DATA UNDER STUDY:

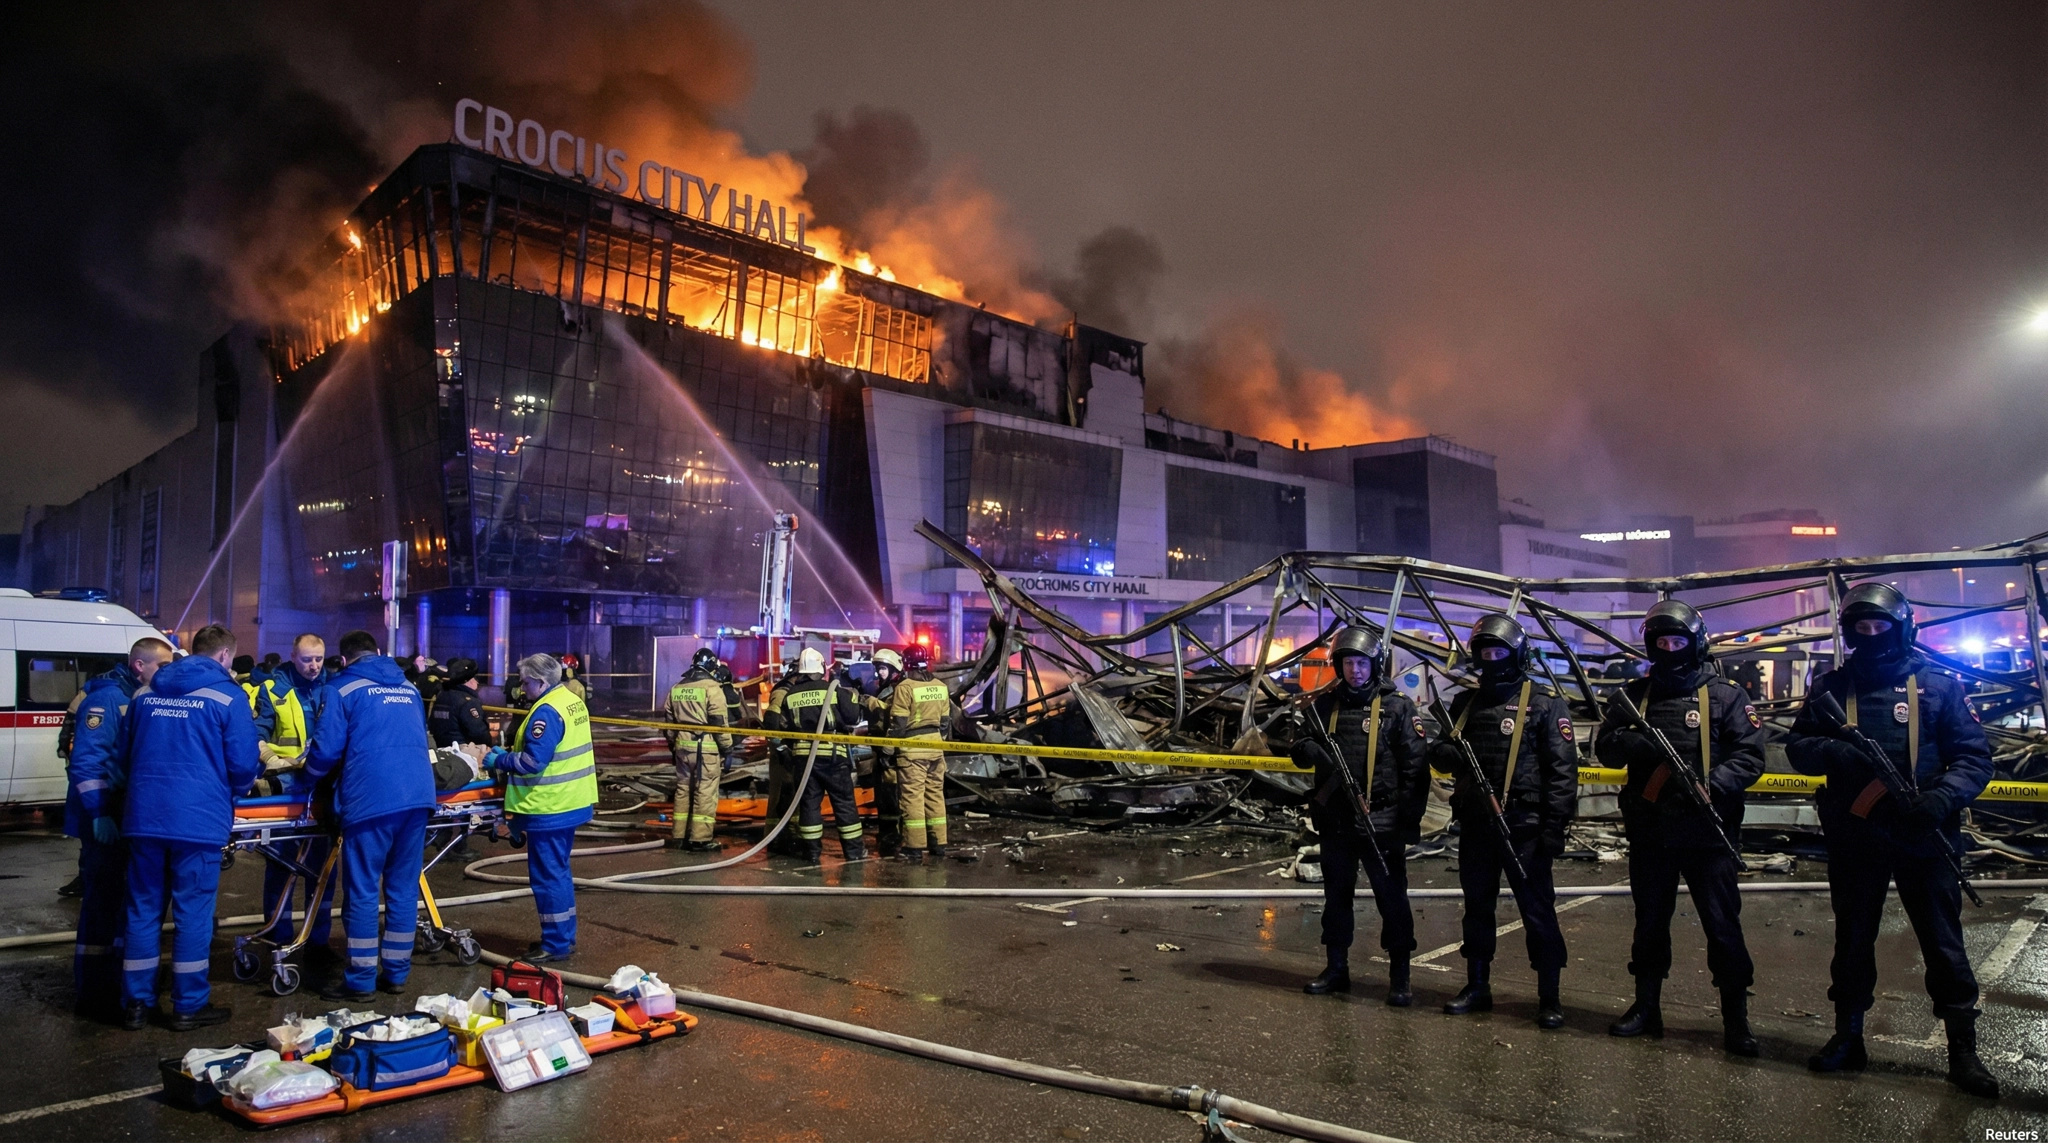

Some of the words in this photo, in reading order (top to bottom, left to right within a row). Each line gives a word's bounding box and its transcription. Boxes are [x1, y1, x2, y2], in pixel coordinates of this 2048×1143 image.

[455, 98, 629, 194] CROCUS
[639, 160, 721, 222] CITY
[728, 188, 817, 254] HALL
[1083, 580, 1110, 593] CITY
[1766, 778, 1808, 787] CAUTION
[1990, 786, 2039, 796] CAUTION
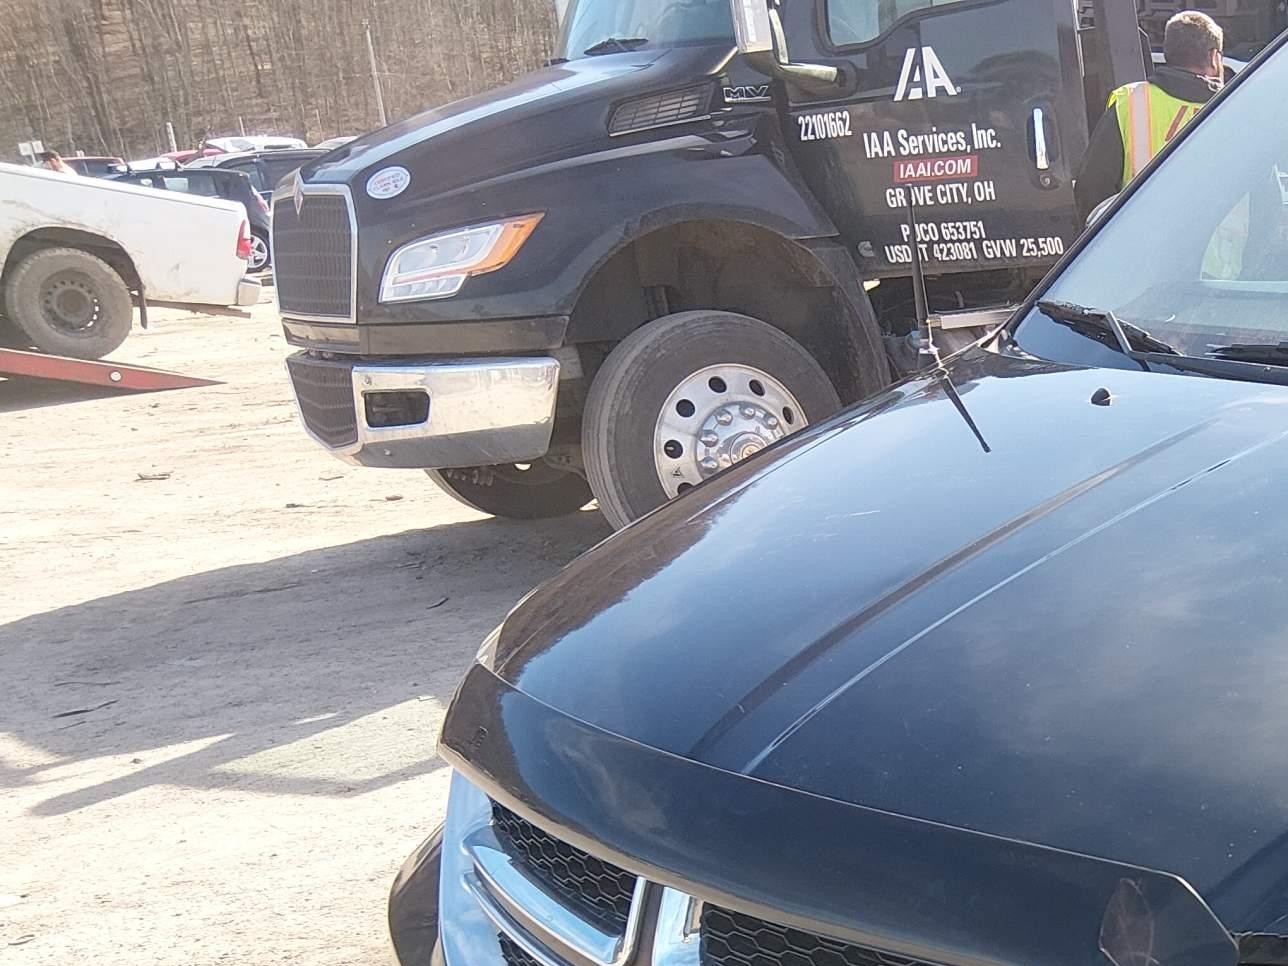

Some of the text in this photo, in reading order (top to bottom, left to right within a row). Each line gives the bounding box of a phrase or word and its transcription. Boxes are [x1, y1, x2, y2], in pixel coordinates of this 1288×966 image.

[723, 85, 768, 99] MV
[798, 111, 852, 141] 22101662
[863, 123, 1001, 159] IAA Services, Inc.
[899, 159, 971, 179] IAAI.COM
[936, 183, 971, 204] CITY,
[974, 181, 996, 201] OH
[941, 220, 986, 241] 653751
[934, 242, 978, 261] 423081
[983, 239, 1017, 259] GVW
[1020, 237, 1064, 258] 25,500
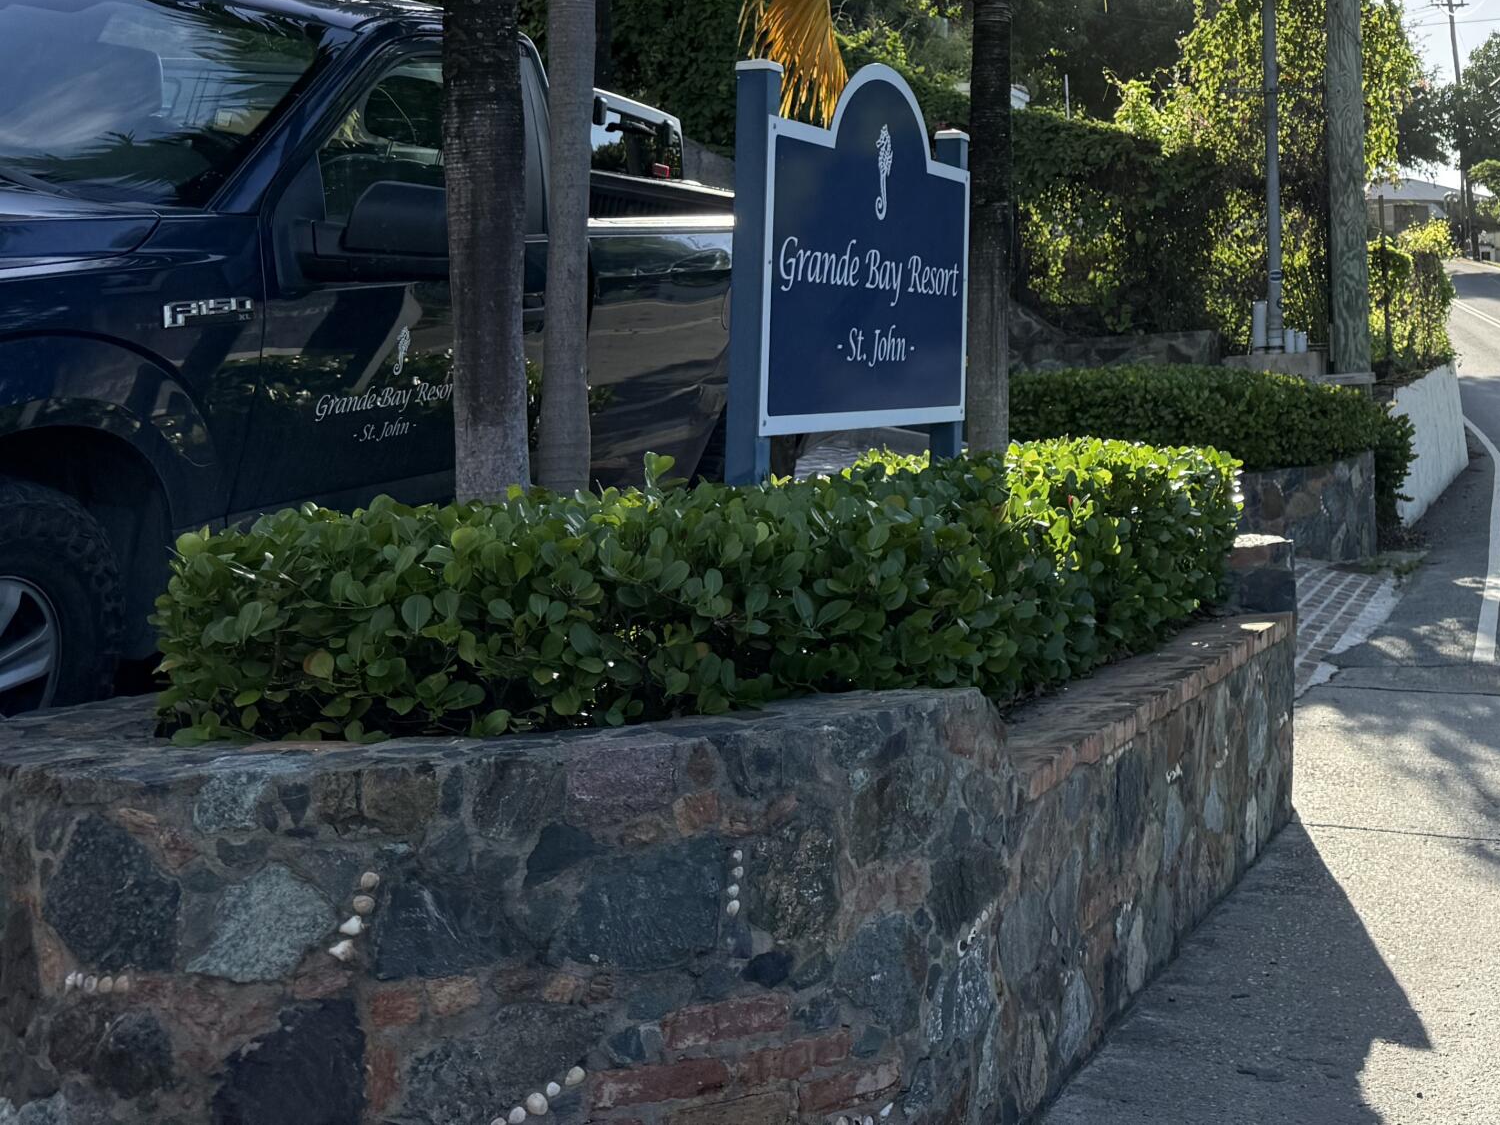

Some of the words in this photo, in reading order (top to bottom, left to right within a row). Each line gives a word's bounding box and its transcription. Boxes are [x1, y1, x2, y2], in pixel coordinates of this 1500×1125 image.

[779, 236, 860, 292] Grande
[865, 249, 903, 307] Bay
[907, 255, 959, 297] Resort
[846, 327, 867, 362] St.
[868, 324, 906, 367] John
[315, 385, 376, 421] Grande
[379, 386, 413, 412] Bay
[359, 424, 376, 442] St.
[376, 417, 410, 442] John
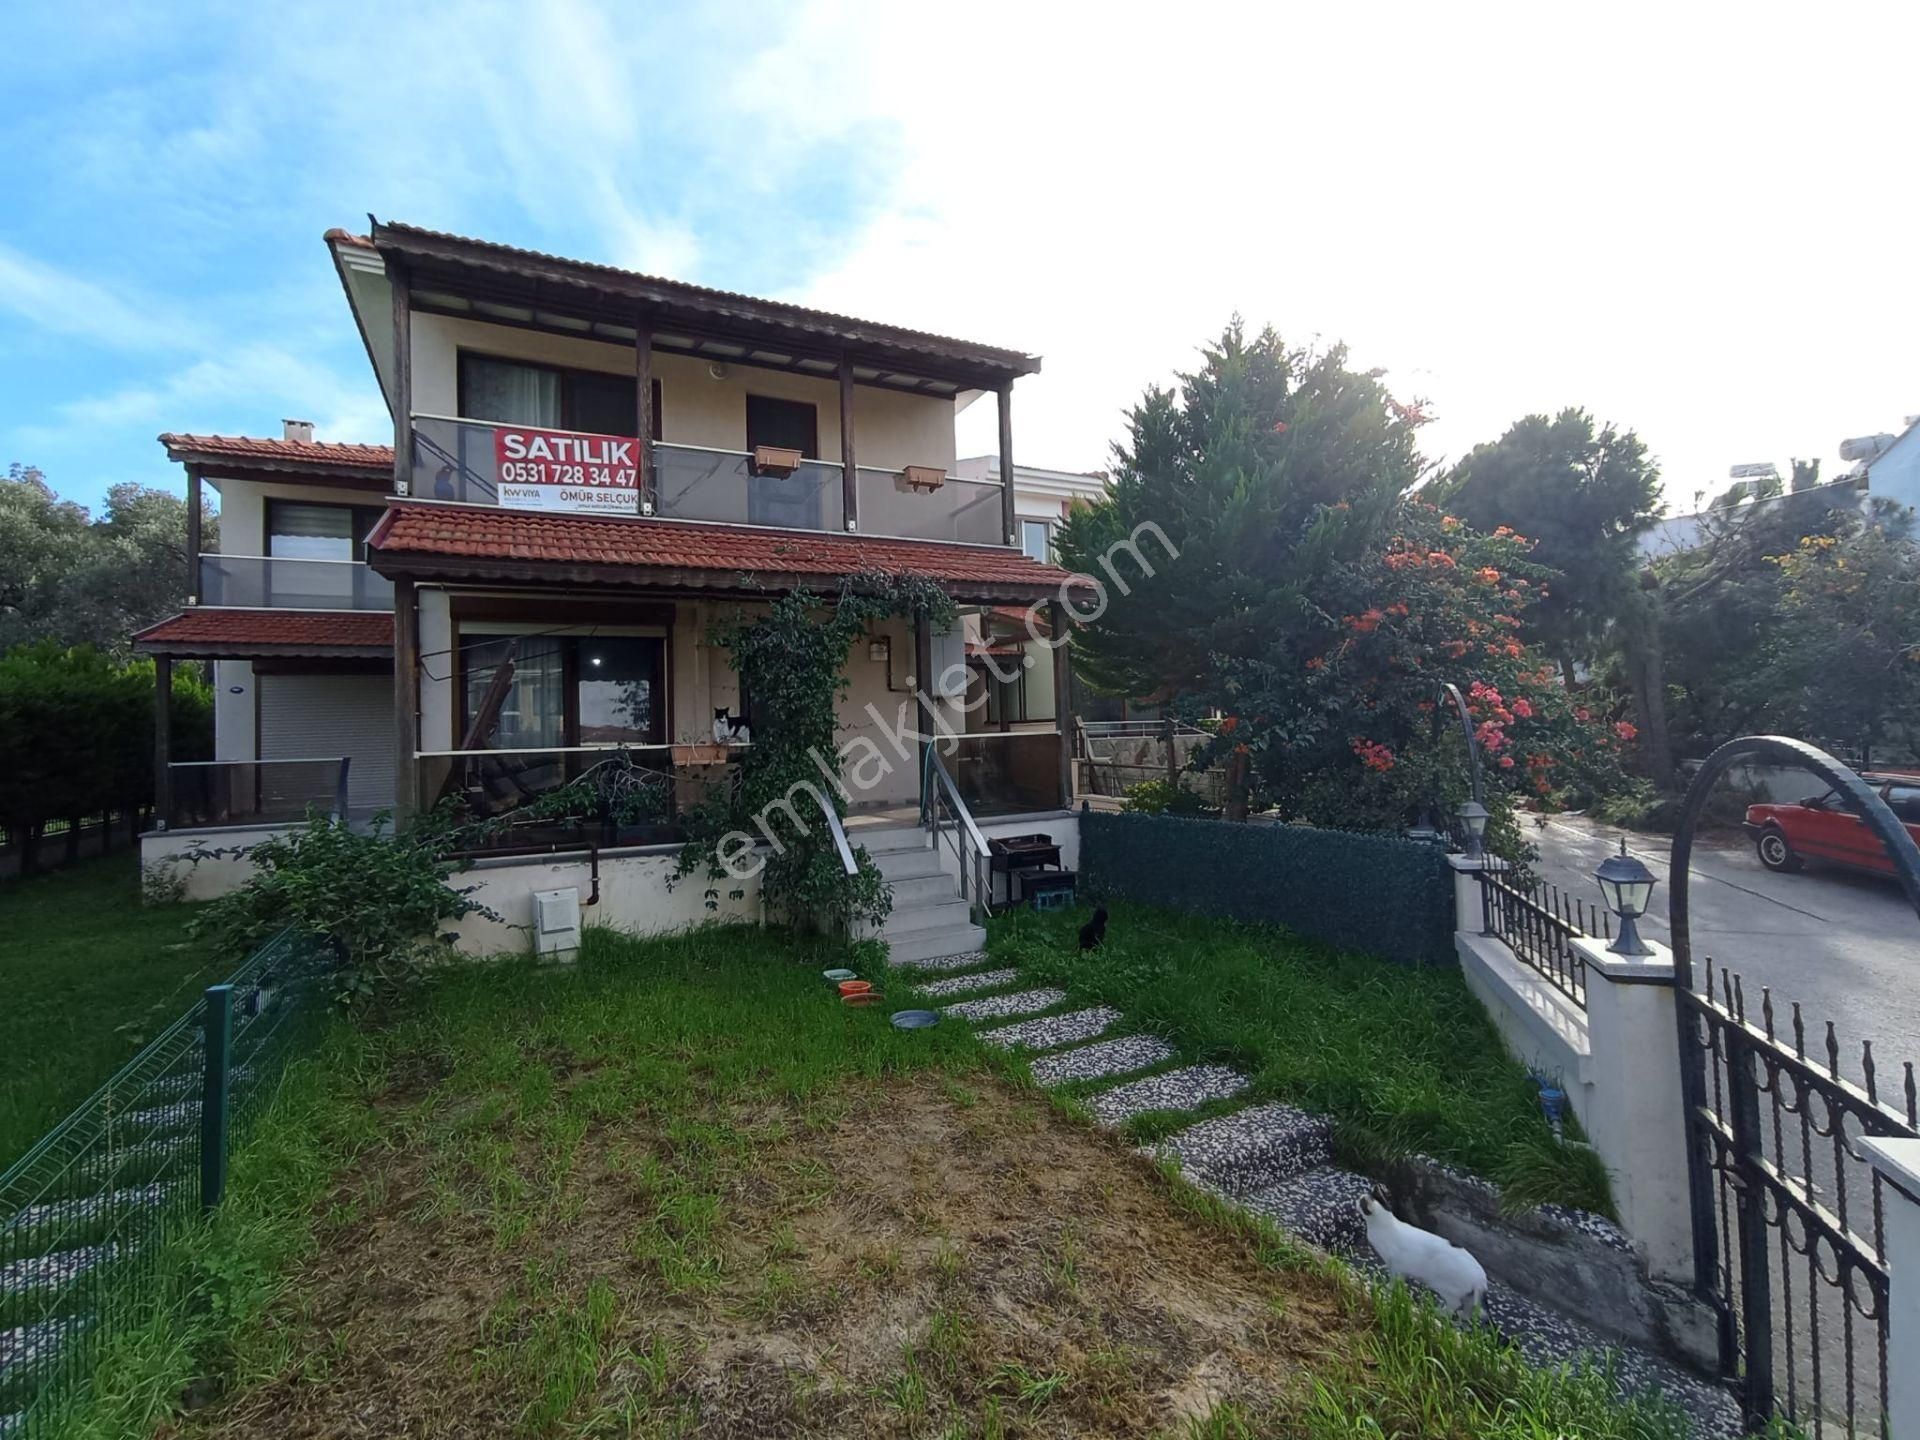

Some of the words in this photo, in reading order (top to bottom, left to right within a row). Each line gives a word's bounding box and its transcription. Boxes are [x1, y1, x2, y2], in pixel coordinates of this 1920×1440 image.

HOW TO COMPLETE THIS TASK: Each line from the one that holds "this 1500×1125 image." through the end of the material should be repeated exactly, and nothing more. Leave out any picture.

SOLUTION:
Some of the words in this photo, in reading order (top to bottom, left to right within a row). Each line gives a word's bounding box and its transcription. Boxes are [x1, y1, x2, y2], in pixel coordinates of this 1500×1125 image.

[779, 236, 860, 292] Grande
[865, 249, 903, 307] Bay
[907, 255, 959, 297] Resort
[846, 327, 867, 362] St.
[868, 324, 906, 367] John
[315, 385, 376, 421] Grande
[379, 386, 413, 412] Bay
[359, 424, 376, 442] St.
[376, 417, 410, 442] John

Some of the words in this photo, in reading order (top to bottom, left to right within a row). Each line gives a word's bounding box and its transcription. Boxes are [x1, y1, x2, y2], in pixel coordinates of this 1920×1440 image.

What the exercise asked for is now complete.